> **What this task involves**: For every record that follows, write out the text exactly and omit the picture, if one is present.

> **Information shown**:

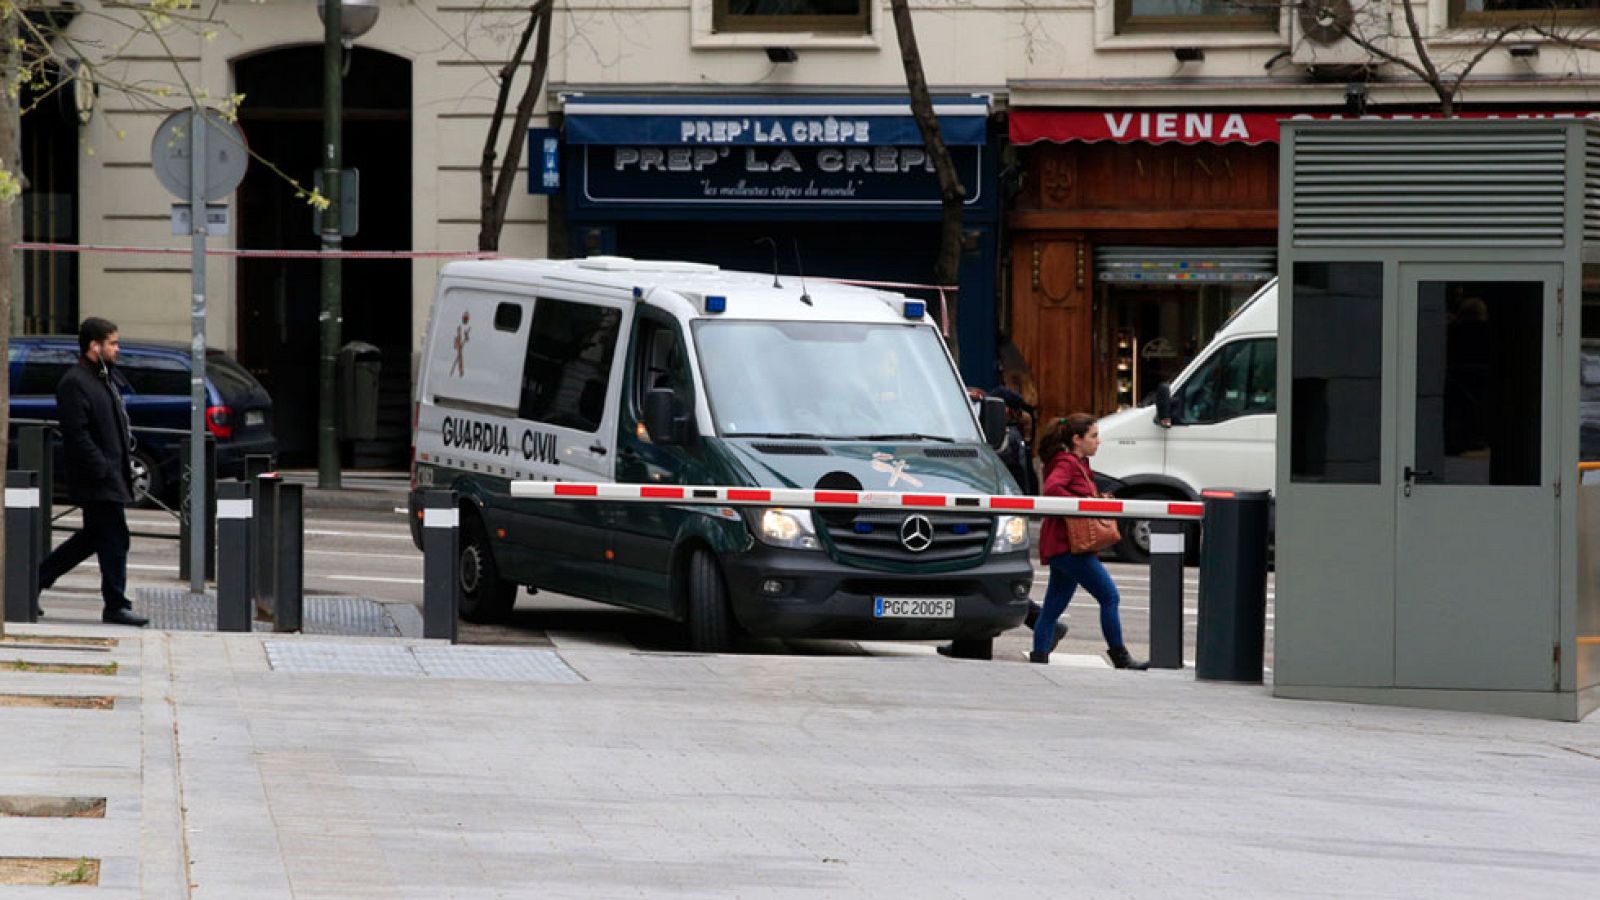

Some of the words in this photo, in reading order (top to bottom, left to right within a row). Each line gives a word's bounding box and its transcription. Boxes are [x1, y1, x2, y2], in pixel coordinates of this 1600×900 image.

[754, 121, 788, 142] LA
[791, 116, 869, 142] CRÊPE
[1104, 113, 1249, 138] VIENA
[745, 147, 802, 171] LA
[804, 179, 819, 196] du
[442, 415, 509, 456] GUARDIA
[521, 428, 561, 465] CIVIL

> **Answer section**:
Some of the words in this photo, in reading order (top to bottom, left to right within a row). Each line gives a word's bounding box and its transcription. Boxes are [x1, y1, x2, y2], in pixel coordinates of this 1600×900 image.

[754, 121, 788, 142] LA
[791, 116, 869, 142] CRÊPE
[1104, 113, 1249, 138] VIENA
[745, 147, 802, 171] LA
[804, 179, 819, 196] du
[442, 415, 509, 456] GUARDIA
[521, 428, 561, 465] CIVIL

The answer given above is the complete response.